When X-Men opened in 2000, it kick-started Hollywood's ongoing superhero obsession. Shrewdly X-Men: First Class starts with the exact same scene that introduced moviegoers to the to-date $786.5 million dollar franchise, but then takes the mutants' exploits in an all-new direction. In this effective if unengaging reboot, director Matthew Vaughn (Kick Ass)—a technician as self-congratulatory as he is competent—shepherds Professor Xavier and his band of beleaguered outsiders through an origin story of sorts while setting up a new film series that actively strays from the established mythology of the original trilogy. Even with stiff competition from Super 8 and Green Lantern in the two weeks following its release, expect First Class to do well as both a standalone adventure and a set-up for future installments, while earning a dedicated following on home video as one of the more satisfying comic book films of recent years.

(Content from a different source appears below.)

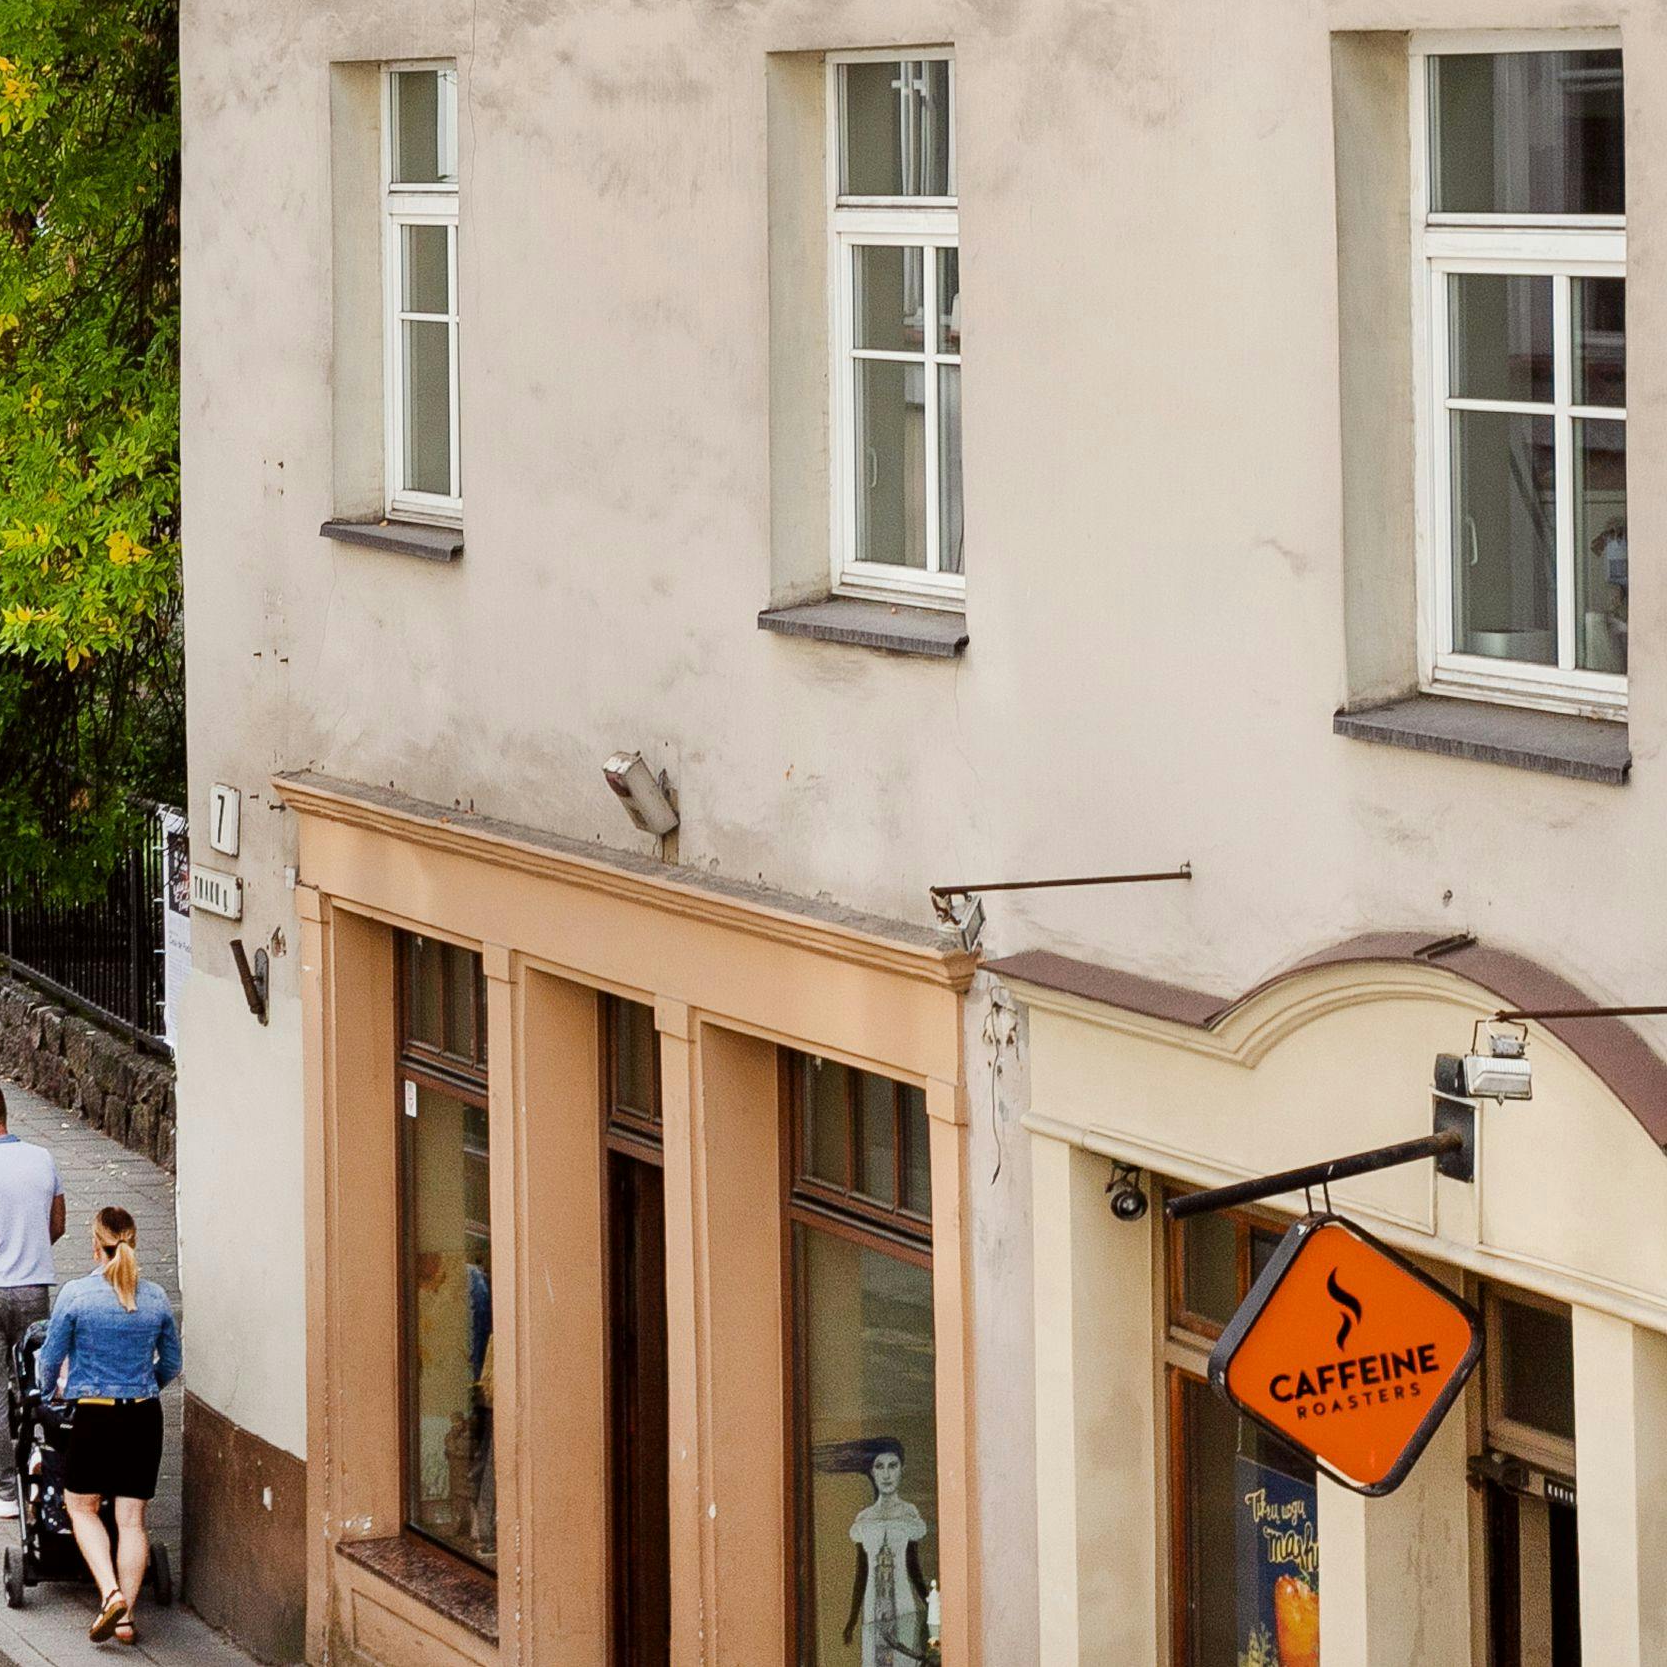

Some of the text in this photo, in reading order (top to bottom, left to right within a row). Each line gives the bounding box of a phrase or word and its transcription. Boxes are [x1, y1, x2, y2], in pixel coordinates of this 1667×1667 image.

[217, 794, 225, 844] 7
[1269, 1342, 1440, 1403] CAFFEINE
[1296, 1381, 1421, 1420] ROASTERS

James McAvoy plays Charles Francis Xavier, a charming and gifted young college graduate living in 1960s upstate New York who happens to possess the power to read and manipulate people's minds. When a CIA operative named Moira McTaggert (Rose Byrne) recruits him to help hunt down warmonger Sebastian Shaw (Kevin Bacon) and his henchwoman Emma Frost (January Jones), Xavier takes command of a group of young mutants that includes shape-shifter Raven Darkholme (Jennifer Lawrence), an acrobatically-gifted scientist named Hank McCoy (Nicholas Hoult), and-most pivotally-Erik Lehnsherr (Michael Fassbender), a concentration camp survivor who can control metals. But when the misfits get tangled up in the Cold War, Xavier enlists his charges to use their powers to fight evil, even as they struggle with protecting a human race that treats them with fear and hate.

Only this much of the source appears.